» Data excerpts
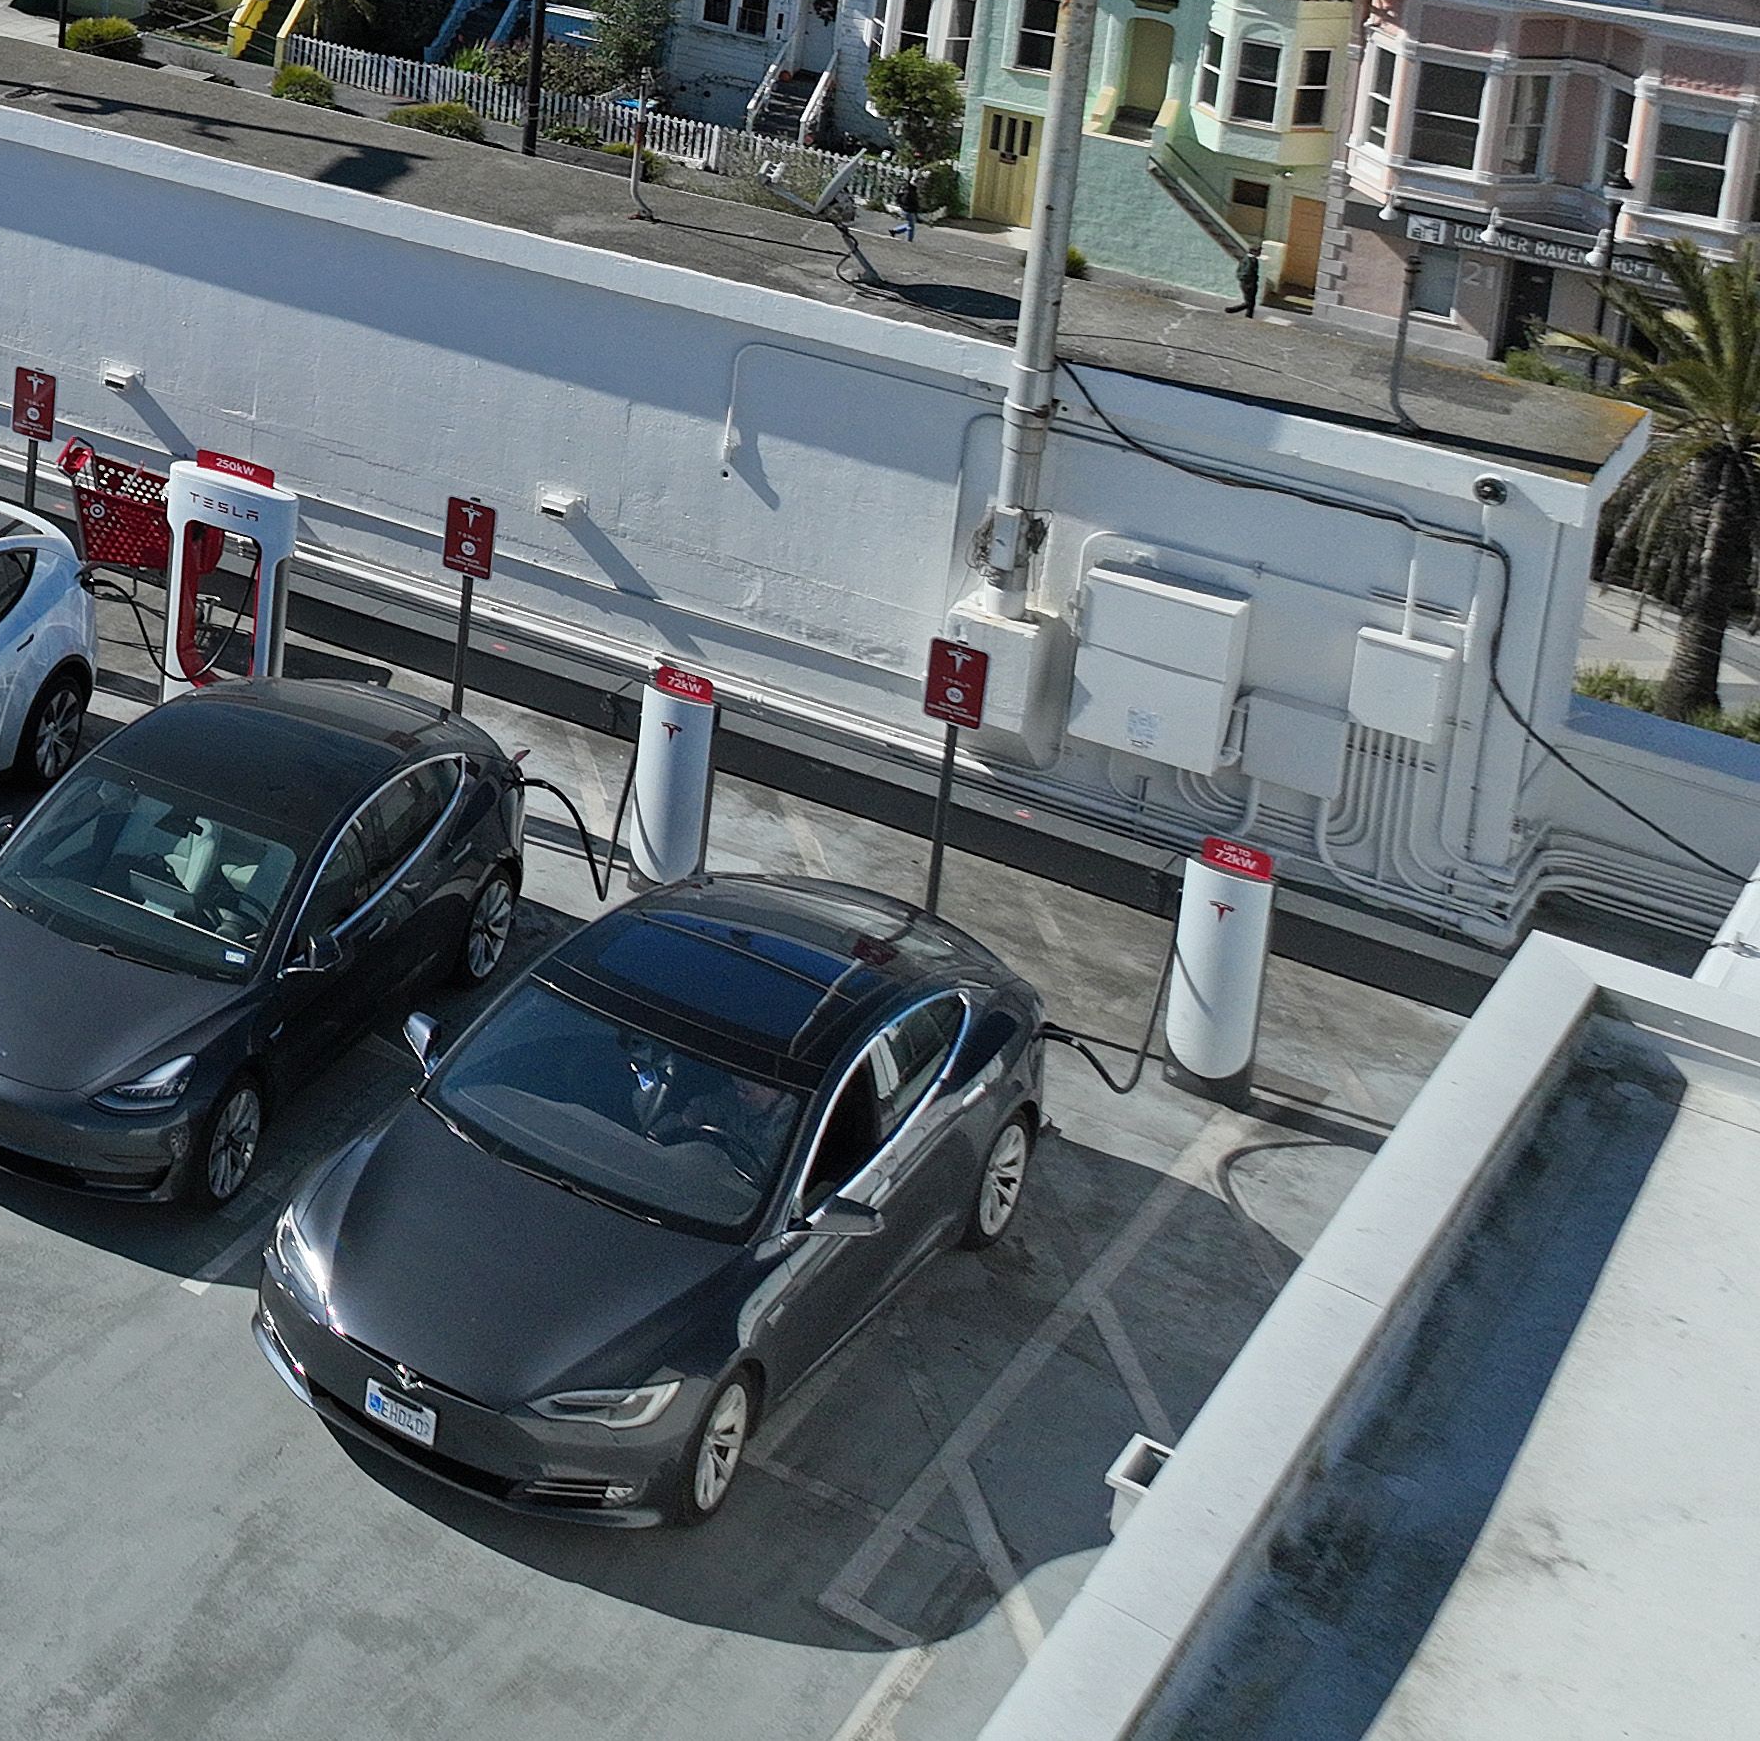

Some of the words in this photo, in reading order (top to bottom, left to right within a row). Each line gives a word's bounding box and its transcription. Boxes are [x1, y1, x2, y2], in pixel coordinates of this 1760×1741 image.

[1453, 224, 1529, 252] TOBNER
[216, 457, 256, 476] 250kW
[189, 491, 260, 522] TESLA
[667, 675, 703, 694] 72kW
[686, 674, 698, 683] TO
[1215, 848, 1259, 870] 72kW
[1223, 843, 1237, 852] UP
[1238, 848, 1253, 857] TO

» Exercise prompt
Output each record above exactly as it stands, excluding all pictures.

» Task solution
Some of the words in this photo, in reading order (top to bottom, left to right within a row). Each line gives a word's bounding box and its transcription. Boxes are [x1, y1, x2, y2], in pixel coordinates of this 1760×1741 image.

[1453, 224, 1529, 252] TOBNER
[216, 457, 256, 476] 250kW
[189, 491, 260, 522] TESLA
[667, 675, 703, 694] 72kW
[686, 674, 698, 683] TO
[1215, 848, 1259, 870] 72kW
[1223, 843, 1237, 852] UP
[1238, 848, 1253, 857] TO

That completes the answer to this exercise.